_WHAT THE EXERCISE ASKS_.
Make an exact copy of the entries below and leave any picture out of it.

_RECORDS SUPPLIED_.
######

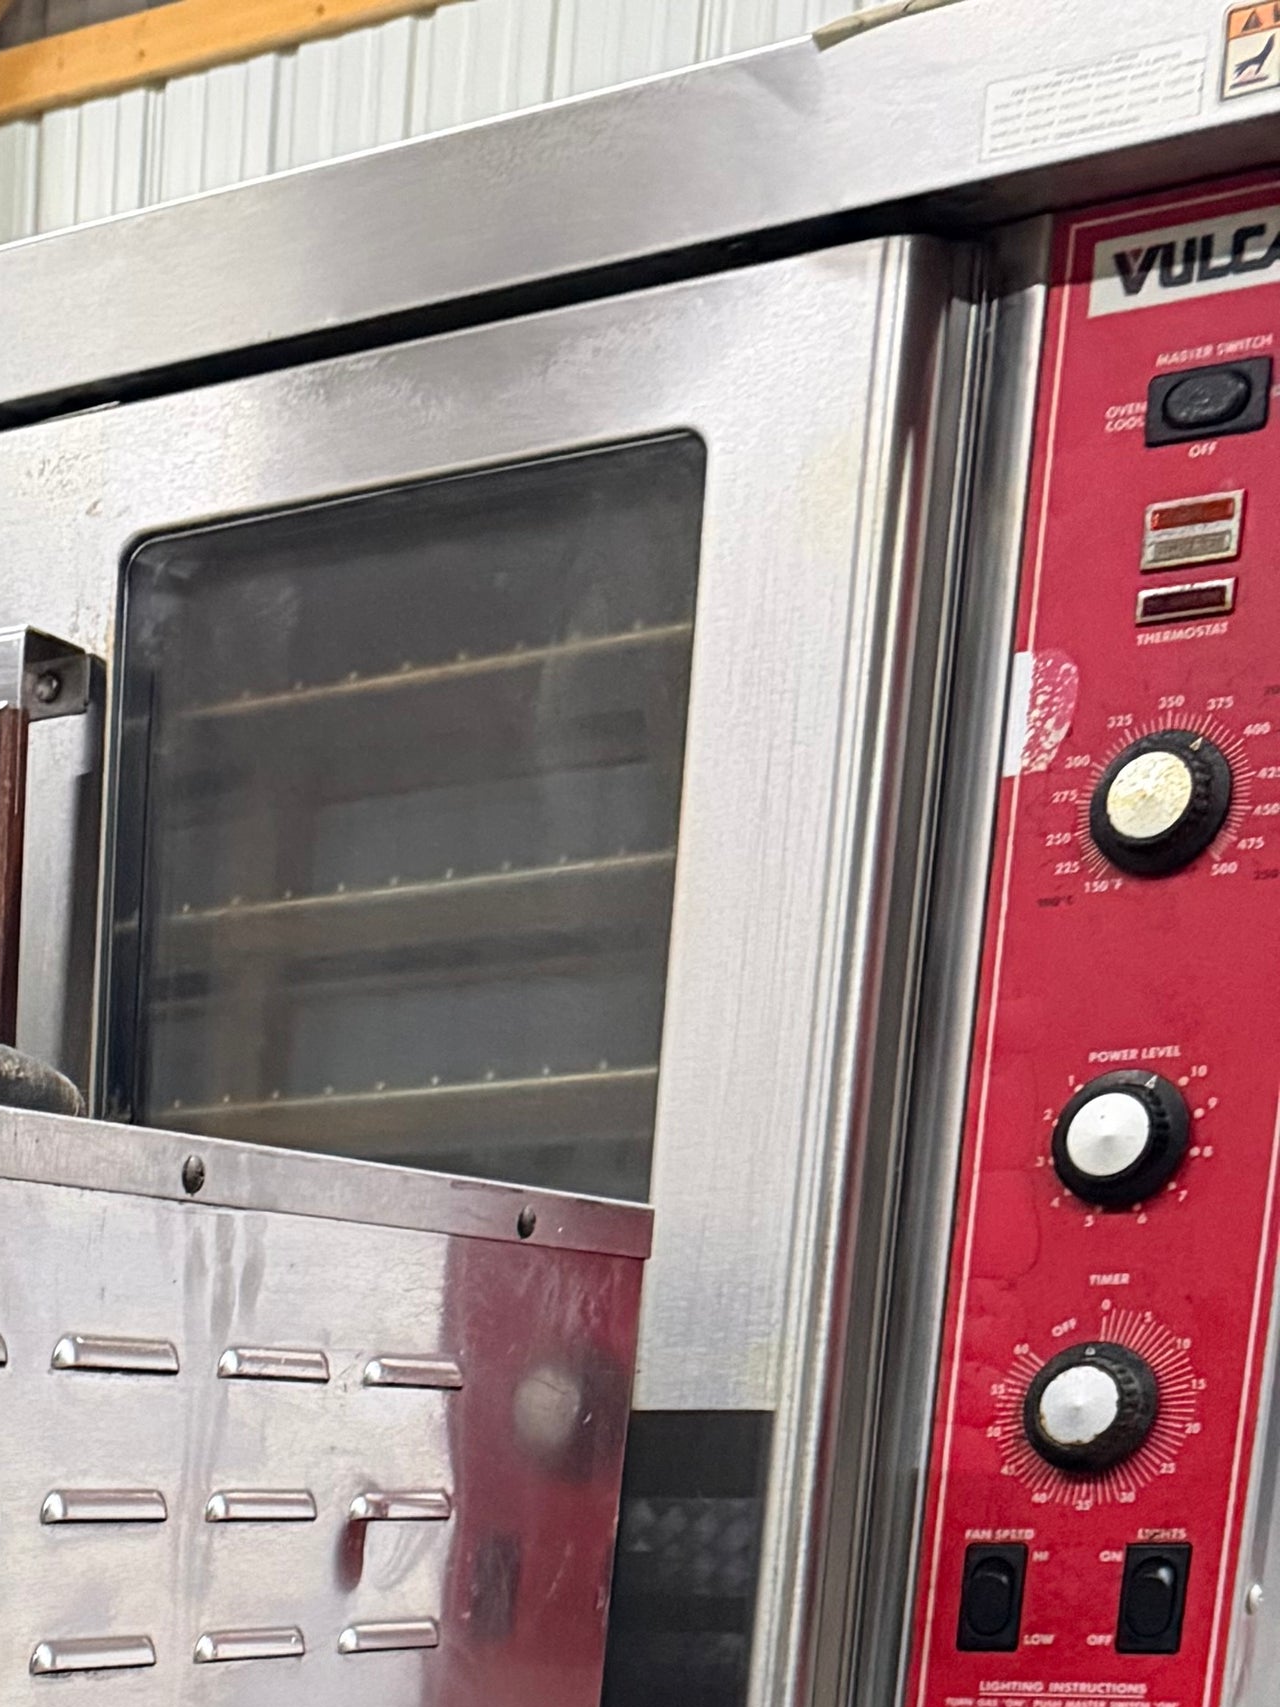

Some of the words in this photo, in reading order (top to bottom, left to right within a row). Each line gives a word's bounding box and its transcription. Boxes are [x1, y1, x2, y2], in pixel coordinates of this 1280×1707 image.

[1156, 344, 1213, 367] MASTER
[1217, 333, 1273, 357] SWITCH
[1188, 441, 1217, 457] OFF
[1136, 621, 1228, 646] THERMOSTAT
[1158, 695, 1185, 709] 350
[1207, 696, 1233, 710] 375
[1107, 714, 1133, 729] 325
[1243, 722, 1271, 737] 400
[1064, 754, 1091, 768] 300
[1052, 789, 1078, 804] 275
[1252, 805, 1280, 817] 450
[1045, 833, 1071, 846] 250
[1237, 837, 1265, 850] 475
[1055, 861, 1080, 875] 225
[1211, 861, 1238, 876] 500
[1089, 1048, 1138, 1063] POWER
[1141, 1045, 1182, 1059] LEVEL
[1191, 1065, 1207, 1077] 10
[1208, 1097, 1218, 1108] 9
[1043, 1108, 1053, 1120] 2
[1202, 1146, 1214, 1158] 8
[1178, 1190, 1188, 1202] 7
[1050, 1197, 1060, 1208] 4
[1084, 1215, 1094, 1227] 5
[1137, 1213, 1147, 1224] 6
[1089, 1273, 1130, 1285] TIMER
[1101, 1299, 1111, 1310] 0
[1051, 1318, 1077, 1337] OFF
[1013, 1343, 1030, 1355] 60
[1176, 1338, 1191, 1350] 10
[1191, 1379, 1206, 1390] 15
[1185, 1423, 1201, 1434] 20
[1160, 1463, 1176, 1474] 25
[965, 1529, 990, 1540] FAN
[995, 1529, 1035, 1540] SPEED
[1033, 1551, 1049, 1562] HI
[1099, 1551, 1123, 1562] ON
[1024, 1634, 1055, 1645] LOW
[1087, 1635, 1112, 1645] OFF
[979, 1681, 1043, 1692] LIGHTING
[1048, 1683, 1147, 1694] INSTRUCTIONS
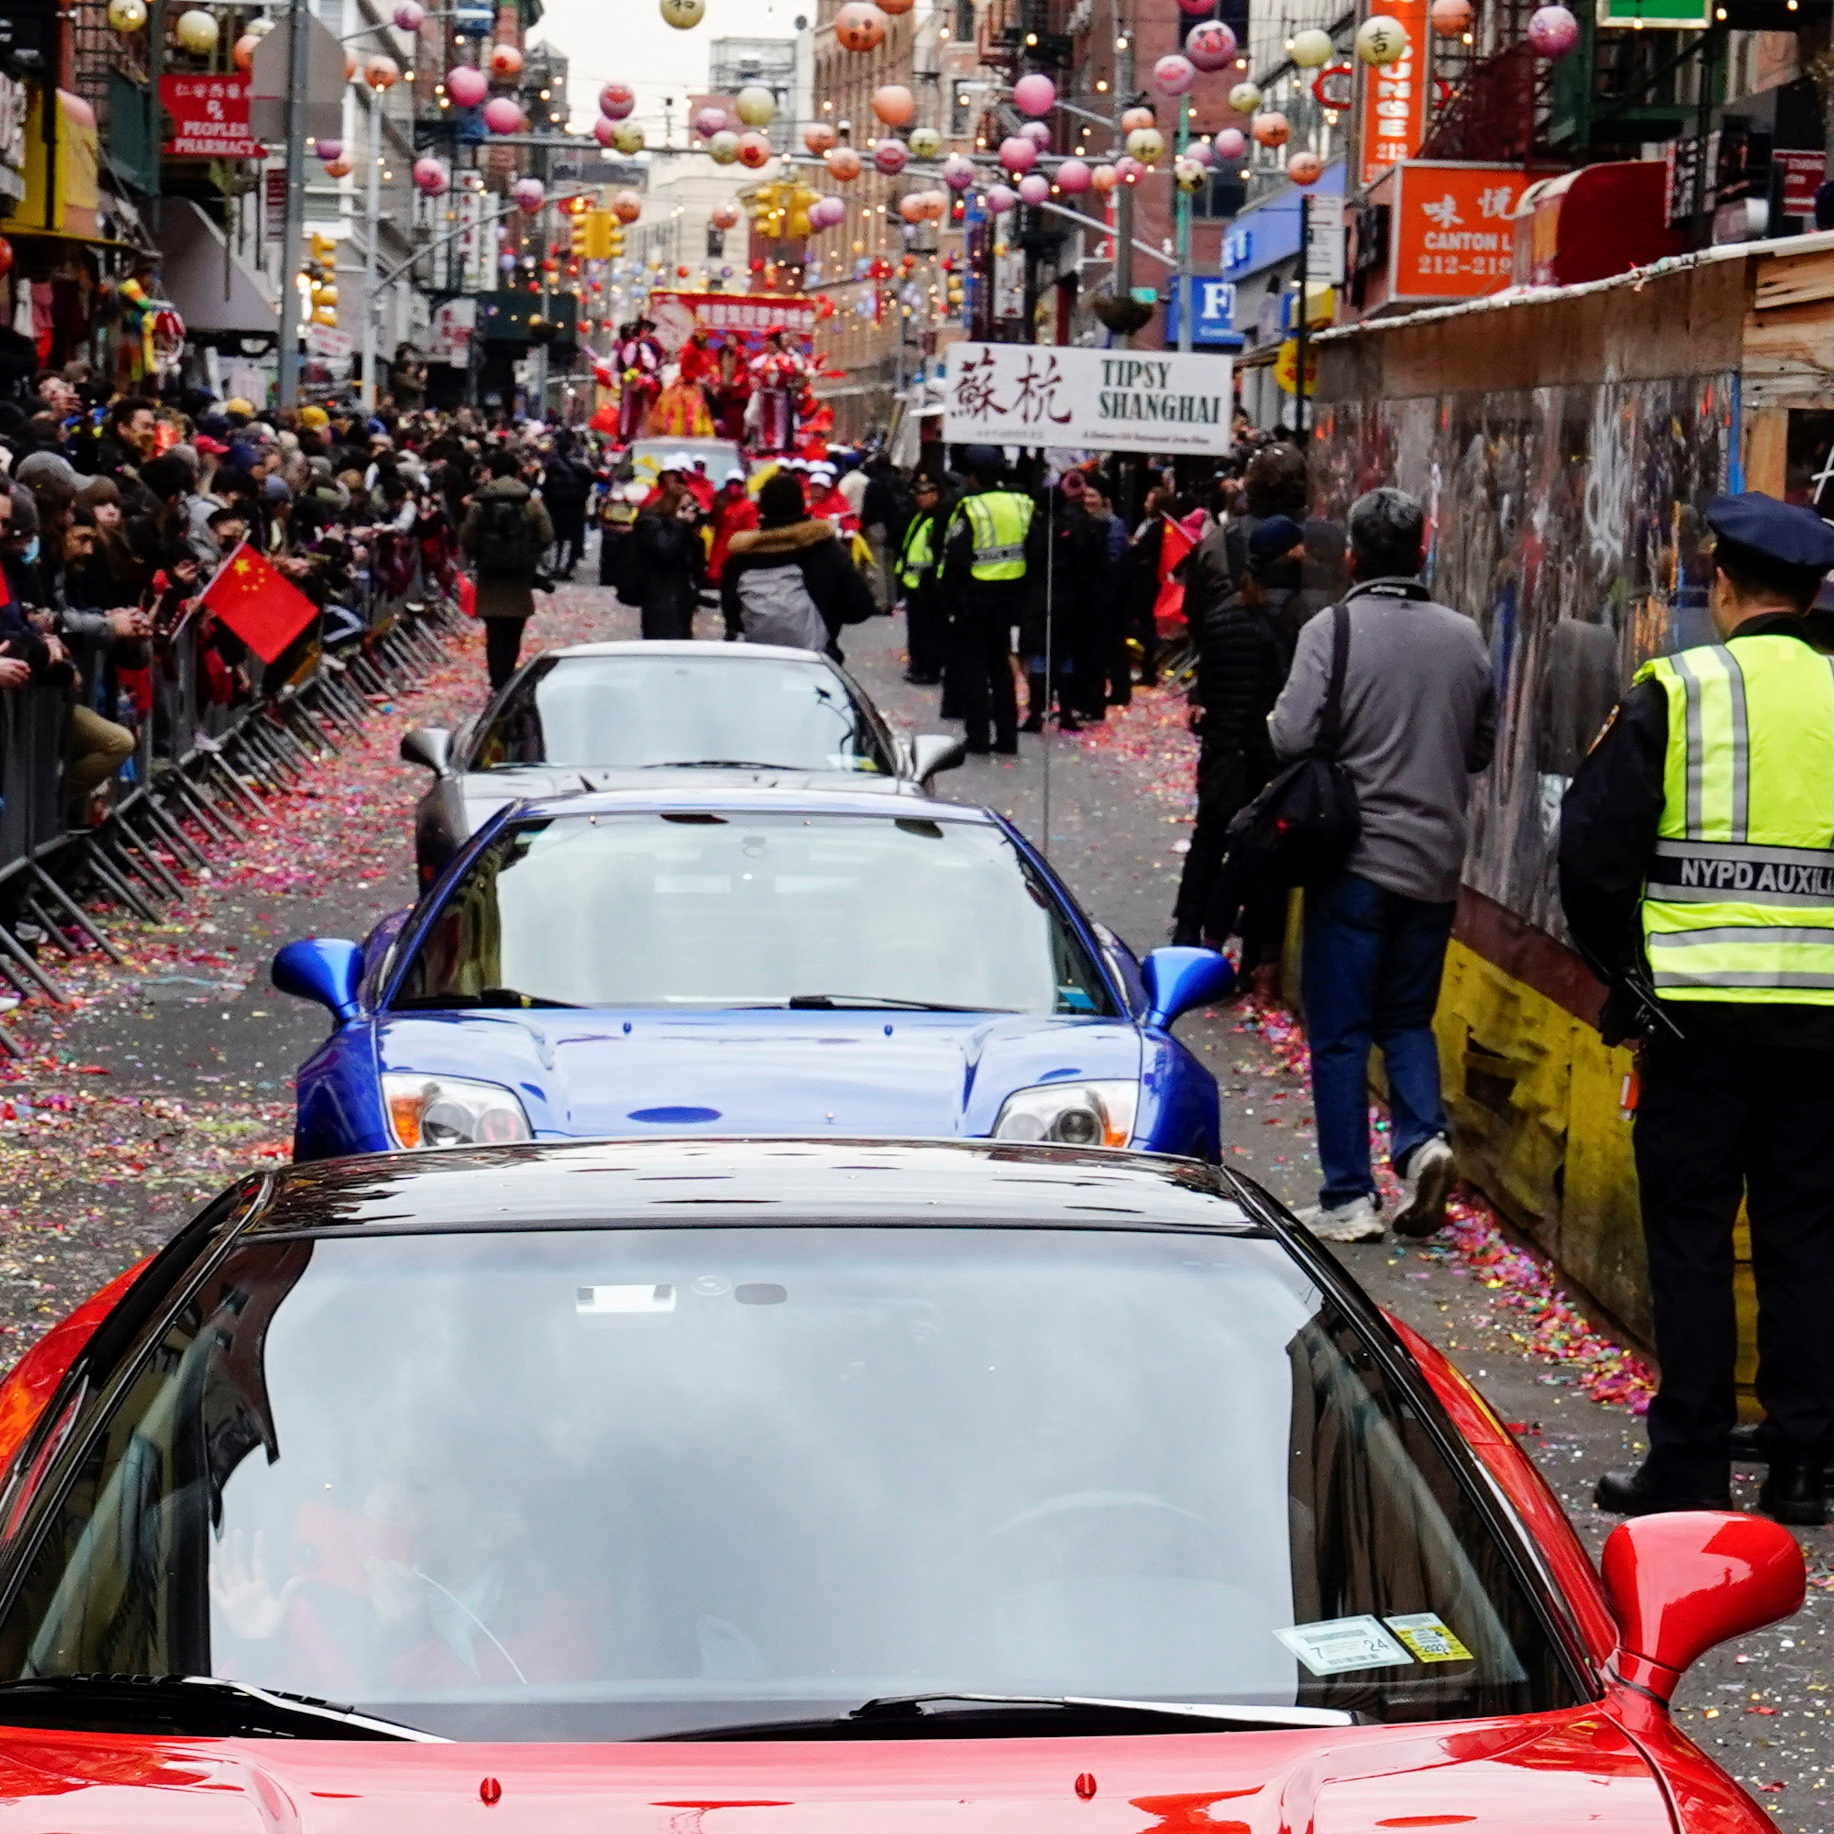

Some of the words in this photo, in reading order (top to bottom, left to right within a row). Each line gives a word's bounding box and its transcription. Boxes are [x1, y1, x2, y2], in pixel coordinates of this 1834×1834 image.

[1423, 232, 1498, 250] CANTON
[1101, 359, 1172, 389] TIPSY
[1098, 391, 1221, 425] SHANGHAI
[1680, 859, 1754, 889] NYPD

######

_OUTPUT FOR THIS TASK_.
Some of the words in this photo, in reading order (top to bottom, left to right within a row). Each line gives a word's bounding box and its transcription. Boxes are [x1, y1, x2, y2], in pixel coordinates of this 1280×1707 image.

[1156, 344, 1213, 367] MASTER
[1217, 333, 1273, 357] SWITCH
[1188, 441, 1217, 457] OFF
[1136, 621, 1228, 646] THERMOSTAT
[1158, 695, 1185, 709] 350
[1207, 696, 1233, 710] 375
[1107, 714, 1133, 729] 325
[1243, 722, 1271, 737] 400
[1064, 754, 1091, 768] 300
[1052, 789, 1078, 804] 275
[1252, 805, 1280, 817] 450
[1045, 833, 1071, 846] 250
[1237, 837, 1265, 850] 475
[1055, 861, 1080, 875] 225
[1211, 861, 1238, 876] 500
[1089, 1048, 1138, 1063] POWER
[1141, 1045, 1182, 1059] LEVEL
[1191, 1065, 1207, 1077] 10
[1208, 1097, 1218, 1108] 9
[1043, 1108, 1053, 1120] 2
[1202, 1146, 1214, 1158] 8
[1178, 1190, 1188, 1202] 7
[1050, 1197, 1060, 1208] 4
[1084, 1215, 1094, 1227] 5
[1137, 1213, 1147, 1224] 6
[1089, 1273, 1130, 1285] TIMER
[1101, 1299, 1111, 1310] 0
[1051, 1318, 1077, 1337] OFF
[1013, 1343, 1030, 1355] 60
[1176, 1338, 1191, 1350] 10
[1191, 1379, 1206, 1390] 15
[1185, 1423, 1201, 1434] 20
[1160, 1463, 1176, 1474] 25
[965, 1529, 990, 1540] FAN
[995, 1529, 1035, 1540] SPEED
[1033, 1551, 1049, 1562] HI
[1099, 1551, 1123, 1562] ON
[1024, 1634, 1055, 1645] LOW
[1087, 1635, 1112, 1645] OFF
[979, 1681, 1043, 1692] LIGHTING
[1048, 1683, 1147, 1694] INSTRUCTIONS

Some of the words in this photo, in reading order (top to bottom, left to right within a row). Each line gives a word's bounding box and its transcription. Boxes are [x1, y1, x2, y2], in pixel coordinates of this 1834×1834 image.

[1423, 232, 1498, 250] CANTON
[1101, 359, 1172, 389] TIPSY
[1098, 391, 1221, 425] SHANGHAI
[1680, 859, 1754, 889] NYPD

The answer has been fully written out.